Jean Pierre Ceton
romans

LETTRE AU LECTEUR 33

L'Atelier numérique et ses rétifs //


Je découvre l'Atelier numérique, je le perçois tout de suite comme un lieu de luxe. Déjà parce qu'il n'existait pas avant-hier dans son concept, ni hier dans sa réalisation.
C'est une extension de la Bibliothèque de Versailles où ne se trouve aucun livre, quelques journaux quand même pour orner un très ingénieux décor en bois. Son organisation fait penser à celle des salles de travail de bibliothèque, mais avec des ordinateurs sur les tables dont on peut se servir pour consulter en ligne ou utiliser des DVD à la demande.
Le lieu est fréquenté par des gens très différents, d'âge, de milieu et de préoccupation. J'avance qu'ils pourraient très bien opérer ces consultations depuis chez eux ou depuis un cybercafé, on me dit que tout le monde n'a pas des moyens numériques et qu’en plus c'est bien pour le lien social...
Je pense que c'est un lieu de luxe. Que seul un pays riche peut se permettre un tel investissement...

A mon tour de parler, j'affirme cette évidence que dans les années 1980, il n'y avait pas de technologies de l'information et de la communciation (TIC). Tout était analogique, rien n'était numérique, à ma connaissance.
Ainsi Marguerite Duras (sujet de la soirée de ce 19/06/2013*) ne pouvait pas être numérique. La technologie, pour elle, c'était la voiture, la télévision, les caméras et magnétophones, et aussi le téléphone qu'elle utilisait facilement.
Je ne crois pas qu'elle ait jamais eu un répondeur qui à cette époque était aussi gros qu'une sacoche d'attaché.
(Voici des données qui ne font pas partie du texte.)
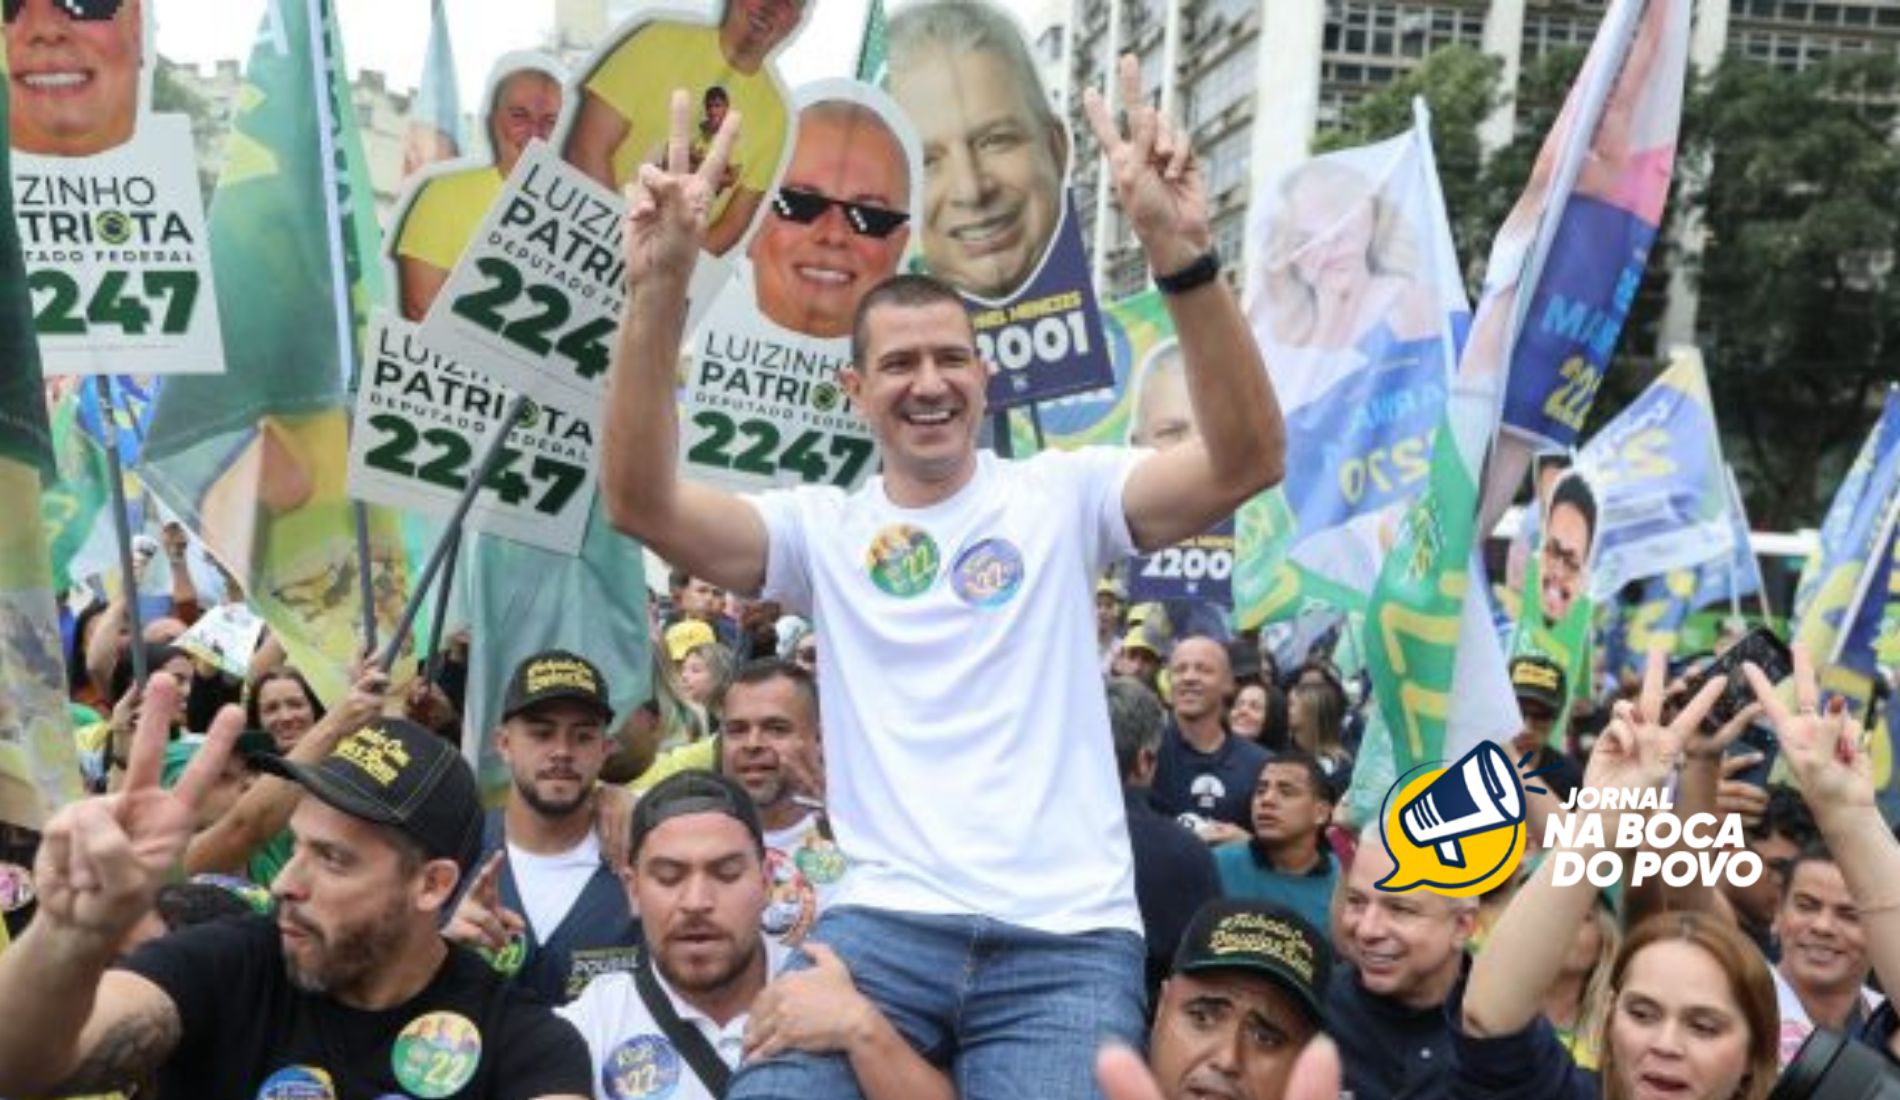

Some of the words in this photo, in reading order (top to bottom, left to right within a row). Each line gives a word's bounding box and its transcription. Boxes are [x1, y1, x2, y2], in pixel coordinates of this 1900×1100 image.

[15, 175, 156, 206] ZINHO
[520, 163, 624, 248] LUIZI
[18, 210, 194, 244] TRIOTA
[25, 250, 84, 263] TADO
[94, 250, 194, 263] FEDERAL
[501, 197, 626, 291] PATRI
[487, 230, 597, 299] DEPUTADO
[28, 268, 200, 335] 247
[451, 256, 619, 381] 224
[705, 331, 853, 378] LUIZINH
[370, 391, 487, 433] DEPUTADO
[696, 391, 794, 420] DEPUTADO
[364, 413, 587, 516] 2247
[687, 410, 875, 488] 2247
Un souvenir me submerge d'une "histoire" (avec MD) de répondeur que j’avais oublié de brancher, à une période où j'avais été absent, durant laquelle en tout cas elle avait cherché à me joindre, sans que je le sache. Je l'avais appris des semaines plus tard...
Je me souvenais d'en avoir fait état dans mon roman. Donc je tape <répondeur La Fiction d'Emmedée> sur Google livres, et j’obtiens le mot répondeur à la page 153 du livre qui narre cette épisode.
Maintenant, les répondeurs sont en ligne, dématérialisés. S'ils avaient existé à ce moment-là, je l'aurais rappelée dans la soirée ou le lendemain et ma vie en aurait peut-être été changée. En tout cas ma vie de cinéaste !
Désormais, on ne peut plus filmer au cinéma des scènes que des cinéastes tournaient dans les années 1960/80 : monter en plans alternés deux amants, qui se trouvent à distance, en train de s'appeler au téléphone en même temps, provoquant le fameux signal « occupé », sans qu'ils puissent savoir que l'autre avait cherché à le joindre...
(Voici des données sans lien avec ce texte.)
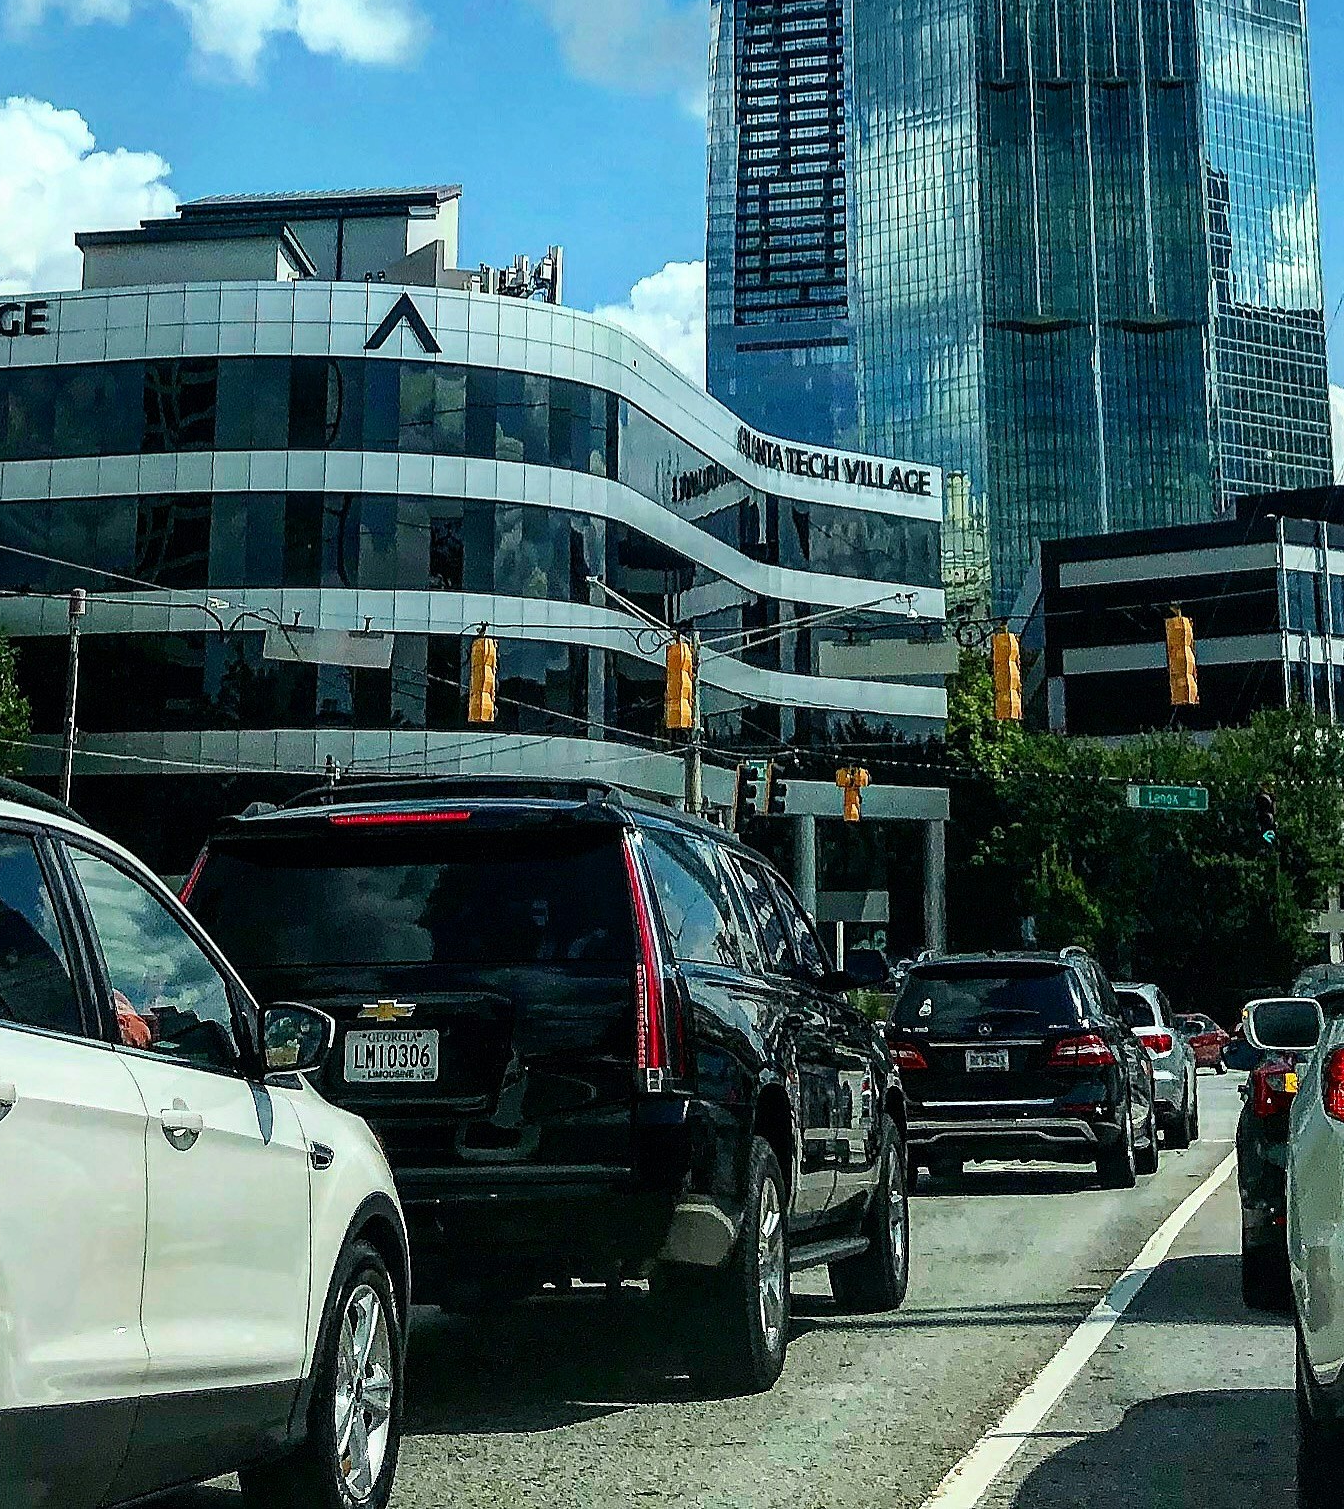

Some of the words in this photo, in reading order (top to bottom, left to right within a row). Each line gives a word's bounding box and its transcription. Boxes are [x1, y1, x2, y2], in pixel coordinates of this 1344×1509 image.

[785, 446, 840, 481] TECH
[842, 457, 932, 496] VILLAGE
[367, 1032, 417, 1043] GEORGIA
[354, 1043, 430, 1069] LM10306
[367, 1069, 415, 1080] LIMOUSINE
Cependant si MD ne pouvait pas être numérique dans les années 1980, elle l'était en réalité pas tellement moins que beaucoup de gens en place d'aujourdhui qui, natifs digitaux ou pas, sont des "rétifs numériques".
Et il y a en particulier beaucoup de rétifs au numérique parmi les gens en position de pouvoir, pas forcément politique. Certains en refusent la pratique, d’autres s'y opposent rageusement, parfois dans le silence, parfois dans la déclamation, ici dans un billet, là dans une note. D'autres encore sont carrément des « handicapés informatiques », sans le reconnaître, ou en l'avouant comme l'a fait dans sa chronique sur France Culture le philosophe enseignant Finkielkraut.

Sans avoir pu être numérique, MD était quelqu’un qui savait dénoncer les aliénations sociales ou culturelles, dans ses romans, et par exemple mettre en scène avant l'heure la libération de la femme. On souhaiterait que les rétifs numériques compensent leur handicap par un travail positif d'analyse de leur temps plutôt que de s'adonner à leur tendance naturelle au conservatisme général.

Aujourd’hui, à l’instant, les TIC et le numérique sont en omniprésence croissante. Ils transforment notre vie de chaque moment.
Sans doute modifie-t-il la façon d’écrire autant que de lire, au moins chez les praticiens du numérique.
Il y a notamment un privilège donné à l'information. Peut-être même qu'une nouvelle syntaxe s'élabore, marquée par l'utilisation corrélative de divers temps, de diverses instances...

Dans Les Voyageurs modèles (Comp'Act 2002 p. 166), je proposais de « se représenter deux photos instantanées que l'on aurait prises, l'une dans l'intérieur de nos arrière arrière grands-parents, l'autre dans les intérieurs récents».
Les intimes ou autres chercheurs qui se rendent dans l’appartement de la rue de Rennes où ont été transportés les meubles (de MD) qui étaient rue Saint Benoît, peuvent d’ailleurs être saisis de l’empreinte du temps qui s'en dégage. Et qu'ils ne ressentent pas ou guère à la lecture de ses écrits !

Je propose de considérer des images d'une rue des années 1930 et celles de maintenant, 2013. Pour voir dans ces dernières des gens converser au téléphone, lire leurs messages, consulter un plan, prendre des rendez-vous en marchant, s’arrêter pour consulter les horaires de trains, de cinéma ou de piscine...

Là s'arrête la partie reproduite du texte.